As the country’s leaders fret about unrest at home, they’ve stepped up their rhetoric about the economic policies of trading partners in the west such as the U.S., where China has invested some $1.2 trillion, which includes $744 billion in U.S. Treasury bonds. “We lent such huge amounts to the United States, and of course, we’re concerned about the security of our assets,” Wen said at a press conference in Beijing on March 13. “And to speak truthfully, I am a little bit worried.”

China now holds almost $2 trillion in foreign reserves. “The Chinese Communist Party is now the world’s most liquid financial institution,” says Andy Rothman, a Shanghai-based strategist at CLSA Ltd., the Asian brokerage unit of Credit Agricole SA.

Chinese Demands

Before the Group of 20 summit meetings in London in April, Chinese officials demanded that western nations strengthen bank supervision and shun protectionism. At the same time, China central bank Governor Zhou Xiaochuan proposed a new reserve currency to replace the dollar.

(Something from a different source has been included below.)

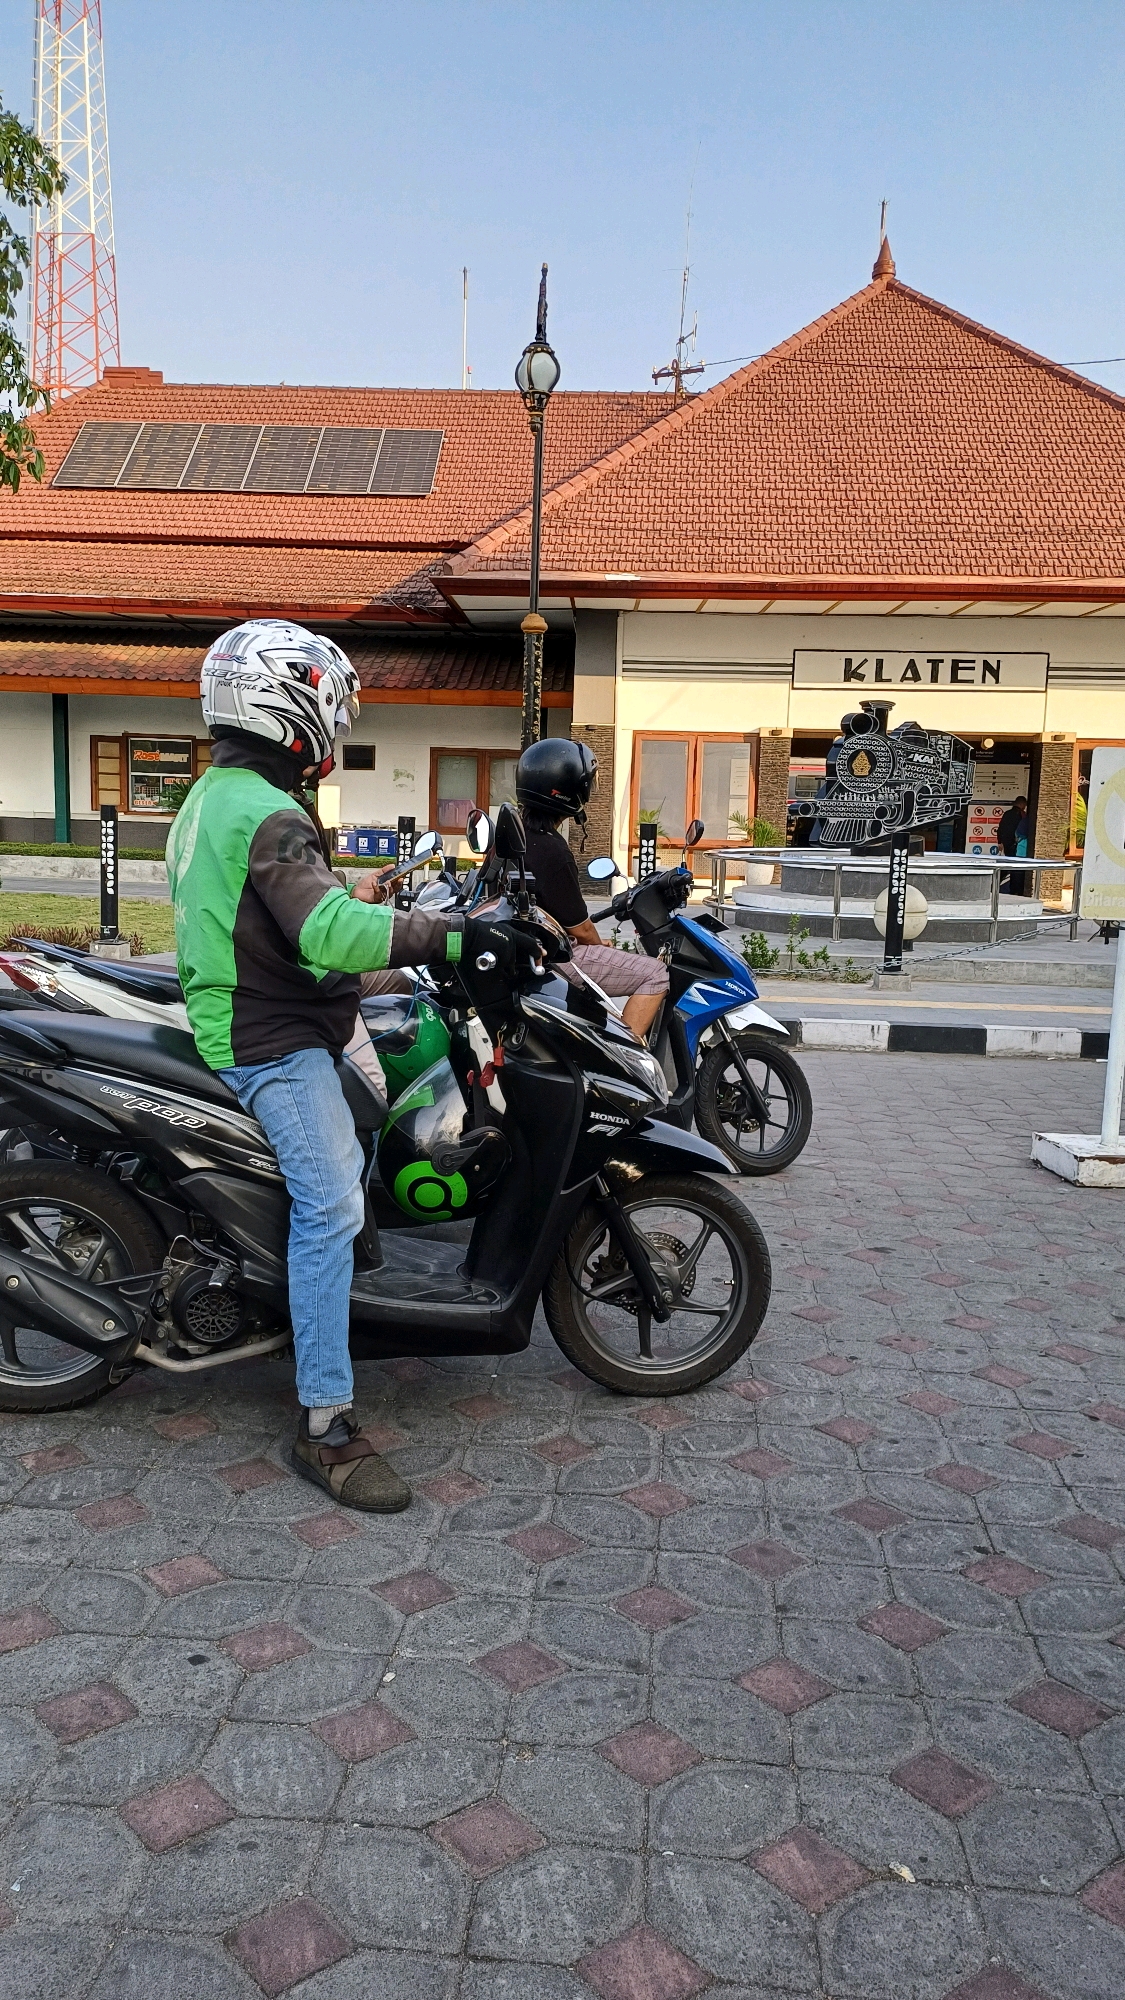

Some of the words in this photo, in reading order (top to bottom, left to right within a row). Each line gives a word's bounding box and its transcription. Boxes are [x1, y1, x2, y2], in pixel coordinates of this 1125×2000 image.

In London, China deployed its economic clout to win a pledge that the International Monetary Fund and World Bank would no longer be dominated by Western leadership in exchange for its $40 billion contribution to the IMF’s $1 trillion emergency fund. At the summit, Chinese President Hu Jintao also faced down a French demand to target specific tax havens, a move that may have placed China’s two autonomous territories, Hong Kong and Macau, in danger of international sanctions. Instead, in a deal personally brokered by U.S. President Barack Obama, the G-20 agreed to language criticizing tax avoidance.

‘China Has Bounced’

The U.S. leader’s attentiveness to China’s views, which included his pledge to visit Beijing later this year, underscored the wary relationship between the two nations, according to Eswar Prasad, a senior fellow at the Washington- based Brookings Institution and a former China division director at the IMF.

“They’re jockeying for position,” Prasad says. “The U.S. is still the most important economy in the world, but it’s by no means the dominant economy it once was.”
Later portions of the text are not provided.